23. Короткая счастливая пятница г-на Рыбакова

Случилось это ровно в полдень.

- Выключи, Серёжа! – застонал г-н Рыбаков, когда Гена дошёл до Таиланда. – Выключи, чтоб глаза мои не видели.

Секретарь закрыл вкладку с ютюбом. Захлопнул ноутбук. Аккуратно положил на заднее сиденье, рядом с безмолвным охранником.

Г-н Рыбаков потёр веки основанием ладони и мучительно застегнул ремень безопасности.

- Поехали.

- Куда, Михал Филипыч?

- На работу... Я тебя отпущу, – добавил он, заметив тоску, которая немедленно легла на лицо секретаря. – Я и сам долго не буду… Не хватало ещё, чтобы эти олухи царя небесного угробили мне отпуск напрочь…

Он поморщился от неубедительности собственных слов.

- Правильно, Михал Филипыч! – подыграл секретарь.

Гибридный шевроле бесшумно выкатился со стоянки у Дома правительства на улице Багратиона.

У края стоянки, справа от выезда, стоял хромированный ТГ-автомат, укрытый колпаком из плексигласа.

- Смотрите-ка, Михал Филипыч, – секретарь вильнул головой, выворачивая руль. – Народ не дремлет.

У автомата копошилась девушка в спортивном костюме, румяная от бега. Она пыталась привязать к крючку для сумок поводок, который кончался задыхающимся ньюфаундлендом. Сразу за ньюфаундлендом дожидалась своей очереди пенсионерка в вязаном белом берете.

Г-н Рыбаков откинул кресло, сложил руки на ненавистном животе и закрыл глаза.

Всю дорогу до Шишки он дёргался в полудрёме и смотрел полусны. В снах не было ничего особенного – бессвязный театр абсурда, как обычно. Иногда, после очередной дремотной конвульсии, глаза г-на Рыбакова приоткрывались. Прежде, чем снова захлопнуться, они видели плывущий город.

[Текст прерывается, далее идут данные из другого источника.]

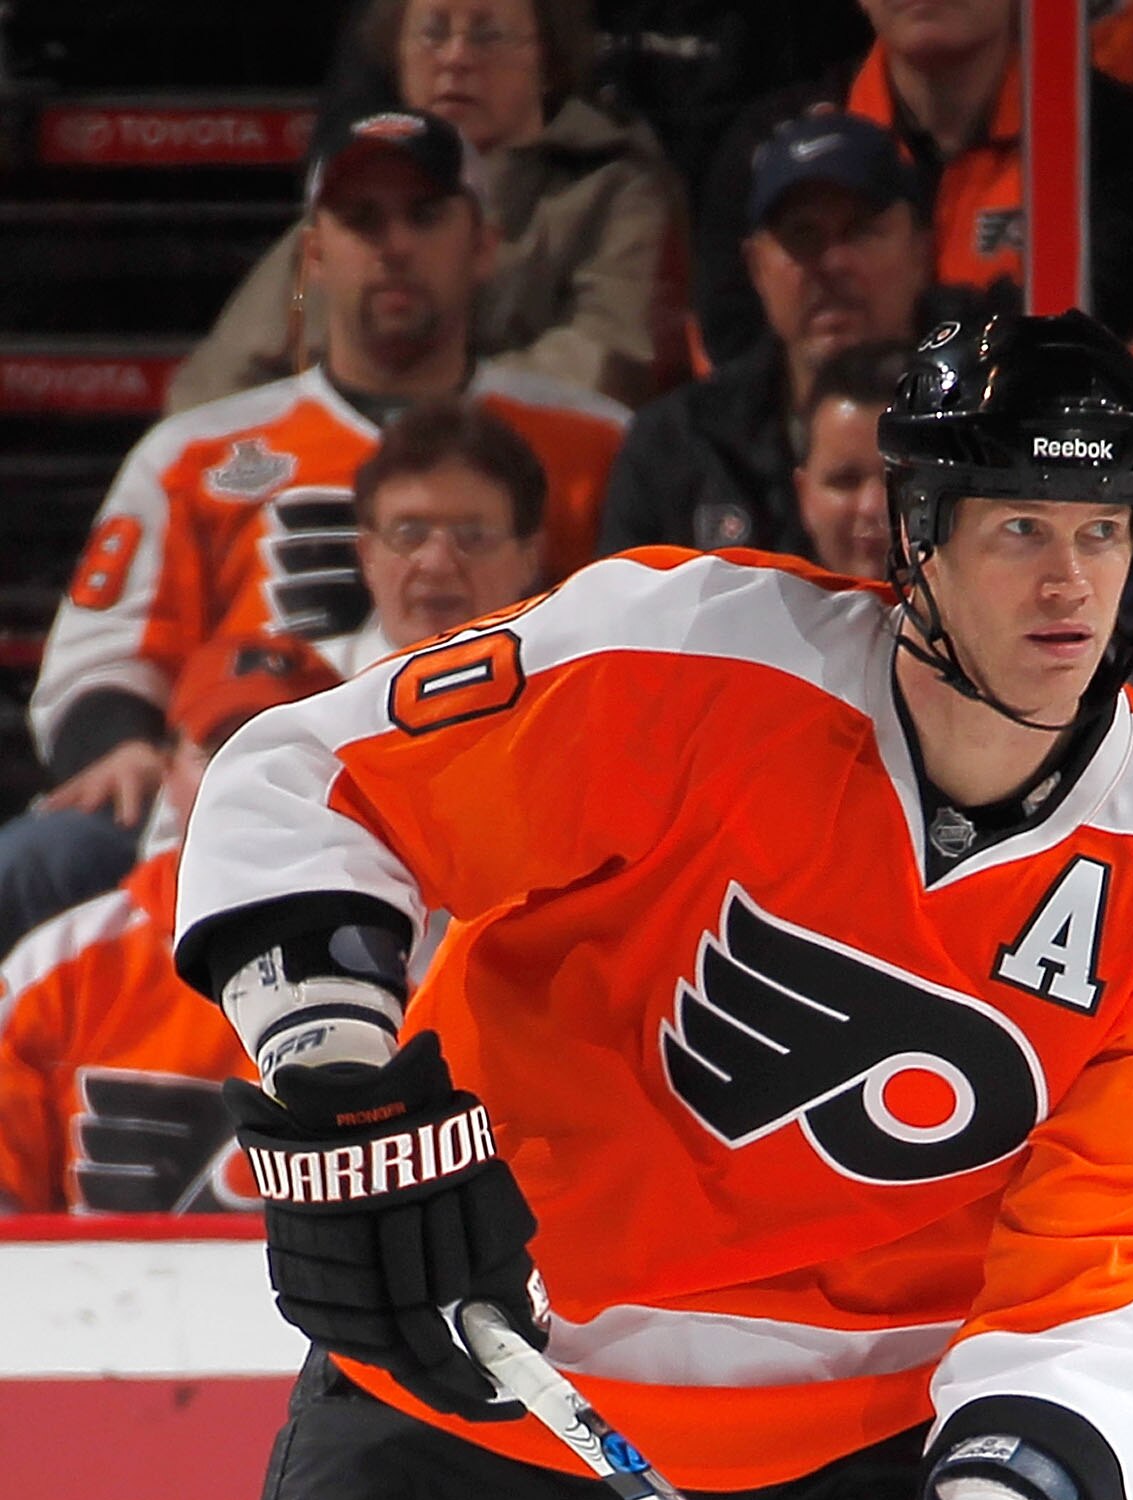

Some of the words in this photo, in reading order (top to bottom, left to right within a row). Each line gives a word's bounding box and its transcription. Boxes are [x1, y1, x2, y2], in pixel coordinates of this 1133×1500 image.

[119, 117, 265, 145] TOYOTA
[1033, 437, 1114, 460] Reebok
[989, 853, 1113, 1017] A
[249, 1104, 497, 1202] WARRIOR

Утро обещало первый жаркий день года; утро сдержало своё обещание. Кёнигсберг млел на полуденном солнце. Пёстрый людской 102 К онстантин Смелый – КЁНИГСБЕРГ ДЮЗ ПУА

поток на тротуарах обнажил руки и ноги. Вокруг парков, на свежих газонах, укладывались первые загорающие. На террасах кафе, в тени по-майски белоснежных навесов, тягуче завтракала приезжая молодёжь. Она только начинала просыпаться после всенощных увеселений.

Официанты и официантки в светлых фартуках, предписанных распоряжением прошлой городской администрации, подпирали стены в ожидании наплыва офисных работников.

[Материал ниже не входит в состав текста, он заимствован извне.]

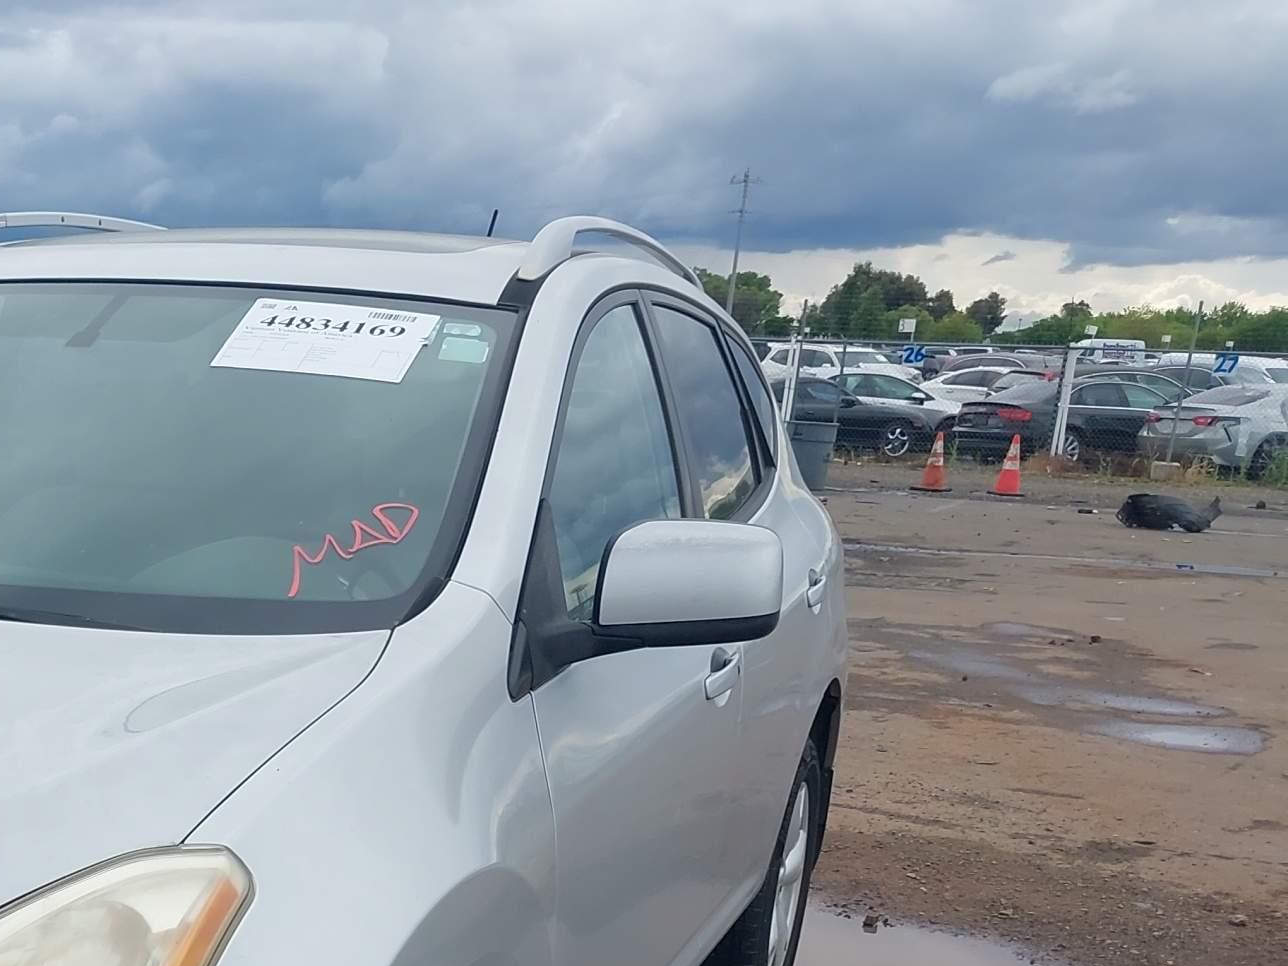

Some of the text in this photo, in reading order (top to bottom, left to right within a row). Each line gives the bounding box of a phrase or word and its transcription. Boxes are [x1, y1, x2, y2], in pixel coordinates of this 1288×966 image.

[260, 314, 407, 338] 44834169
[903, 345, 925, 363] 26
[1213, 352, 1239, 373] 27
[287, 502, 420, 598] MAD

У перекрёстков ждали обеденного часа пик регулировщики в жёлтых рубашках с коротким рукавом, блаженно праздные.

Гигантские экраны на торцах зданий, поблекшие под солнечным дождём, беззвучно вертели карусель рекламы и новостей.

Под голубым небом рыскали наглые чайки. В порту гудели паромы. Квадратные табло под светофорами на Балтийском проспекте радостно высвечивали:

ПЯТНИЦА

FREITAG

FRIDAY

В половине первого машина г-на Рыбакова остановилась у центрального входа в Шишку.

Из вращающихся дверей повалили охранники. Они выстроились в плечистый коридор до самой машины, без церемоний оттеснив в стороны десяток журналистов.

- Всё, ребята. Спасибо на сегодня, – г-н Рыбаков расстегнул ремень, стараясь не прикасаться к животу. – В подземелье не отгоняй, Серёжа. Оставь на парковке с другой стороны.

Он выбрался из машины. Сделал несколько шагов по живому коридору. Остановился. Задрал голову на подошвы букв, из которых складывалась надпись «Янтарьгаз» у макушки небоскрёба. Из пространства между спинами охранников смотрели камеры. Журналисты выкрикивали свои вопросы. Высоко в небе висел милицейский вертолёт.

- Будет вам коммюнике сегодня, – сказал г-н Рыбаков, ни на кого не глядя.

Затем вошёл в здание.

После шести «добрый-день-михалфилипыч» он оказался в лифте. Привычно отвернувшись от зеркала, нажал кнопку с номером «38». Створки сдвинулись. Лифт сыграл две хрустальные ноты и пополз к небесам.

На тридцать восьмом этаже г-на Рыбакова поджидала Лена с дрожащими ресницами.

- Михаил Филиппович. Москва прислала смету по переходу на «Линукс».

Она протянула ему многостраничную распечатку, схваченную зелёной скрепкой.

Г-н Рыбаков зажмурился. Его правая рука подскочила, словно готовясь отогнать кровососущее насекомое.

- Спасибо, Лена, – он посмотрел на часы над дверью своего кабинета. – Какое там время отправления?

- Двенадцать двадцать семь.

Г-н Рыбаков кивнул и направился к себе, по пути ослабляя галстук.

- Михаил Филиппович!


Он обернулся. Лена смотрела на его ботинки. Тонкие пальцы с лиловыми ногтями теребили угол распечатки.


- Что стряслось, Лена?


- Можно я сбегаю проголосую? У нас на компьютерах электронные подписи заблокированы… Здесь районная налоговая через дорогу, там автомат, я быстренько…


Г-н Рыбаков подавил в себе отеческий прищур, которым до сих пор встречал подобные просьбы.


- Конечно, Лена. Конечно. Ты даже знаешь что… – он попытался демократически улыбнуться. – Проголосуешь и иди-ка домой. Пятница как-никак. Никаких грандиозных событий сегодня больше не намечается. Будем надеяться.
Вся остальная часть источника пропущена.